Concrete material properties
Hygro-thermo-mechanical modeling of partially saturated air-entrained concrete containing dissolved salt and exposed to freeze-thaw cycles
In cold regions, understanding the freeze-thaw behavior of air-entrained concrete is important for designing durable structures and assessing the remaining service life of existing structures. This study presents a hygro-thermo-mechanical multiphase model that describes the cyclic freeze-thaw behavior of partially saturated air-entrained concrete containing dissolved salt. An equilibrium and a non-equilibrium approach are adopted to model the ice formation, including the freeze-thaw hysteresis, inside the porous network. The model also considers the diffusive and convective transport of the dissolved salt coupled to the freeze-thaw processes. Two examples are presented to verify and highlight the capabilities of the model. The first example shows that the model is capable of reproducing the experimentally observed mechanical response of specimens containing NaC1-solutions of different concentrations. In the second example, a larger absorption of liquid from an external reservoir is obtained with an increasing salt concentration in the reservoir, which is consistent with experimental observations.

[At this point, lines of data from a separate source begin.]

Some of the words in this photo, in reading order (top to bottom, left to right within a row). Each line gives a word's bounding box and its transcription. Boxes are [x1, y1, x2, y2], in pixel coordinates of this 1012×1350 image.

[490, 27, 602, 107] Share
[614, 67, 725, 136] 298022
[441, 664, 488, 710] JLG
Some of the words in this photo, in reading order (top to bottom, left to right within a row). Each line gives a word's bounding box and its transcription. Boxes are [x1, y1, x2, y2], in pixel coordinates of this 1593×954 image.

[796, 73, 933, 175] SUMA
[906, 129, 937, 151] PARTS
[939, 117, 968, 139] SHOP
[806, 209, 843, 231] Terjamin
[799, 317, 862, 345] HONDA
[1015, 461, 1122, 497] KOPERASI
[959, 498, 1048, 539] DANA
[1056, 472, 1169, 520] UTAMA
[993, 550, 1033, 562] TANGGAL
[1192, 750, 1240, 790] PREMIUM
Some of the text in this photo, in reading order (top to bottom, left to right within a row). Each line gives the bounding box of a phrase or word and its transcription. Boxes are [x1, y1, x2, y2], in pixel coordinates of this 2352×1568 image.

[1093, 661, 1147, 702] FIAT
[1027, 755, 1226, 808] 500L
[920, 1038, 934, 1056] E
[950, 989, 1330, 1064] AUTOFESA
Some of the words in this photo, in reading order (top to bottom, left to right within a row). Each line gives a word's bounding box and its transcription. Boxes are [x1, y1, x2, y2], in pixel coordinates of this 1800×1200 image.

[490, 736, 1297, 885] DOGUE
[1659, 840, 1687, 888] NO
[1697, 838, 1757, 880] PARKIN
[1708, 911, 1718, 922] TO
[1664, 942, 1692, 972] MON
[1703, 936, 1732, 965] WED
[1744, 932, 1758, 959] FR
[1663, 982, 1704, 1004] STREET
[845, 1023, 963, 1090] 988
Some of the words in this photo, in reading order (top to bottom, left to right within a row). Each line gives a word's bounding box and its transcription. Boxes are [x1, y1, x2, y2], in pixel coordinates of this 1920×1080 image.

Contact: Daniel Eriksson , Richard Malm (profile pages)
A Hygro-Thermo-Mechanical Multiphase Model for long-term water absorption into air-entrained concrete
Many concrete structures located in cold climates and in contact with free water are cast with air-entrained concrete. The presence of air pores significantly affects the absorption of water into the concrete, and it may take decades before these are fully saturated. This generally improves the long-term performance of such structures and in particular their frost resistance. To study the long-term moisture conditions in air-entrained concrete, a hygro-thermo-mechanical multiphase model is presented, where the rate of filling of air pores with water is described as a separate diffusion process. The driving potential is the concentration of dissolved air, obtained using an averaging procedure with the air pore size distribution as the weighting function. The model is derived using the thermodynamically constrained averaging theory as a starting point. Two examples are presented to demonstrate the capabilities and performance of the proposed model. These show that the model is capable of describing the complete absorption process of water in air-entrained concrete and yields results that comply with laboratory and in situ measurements.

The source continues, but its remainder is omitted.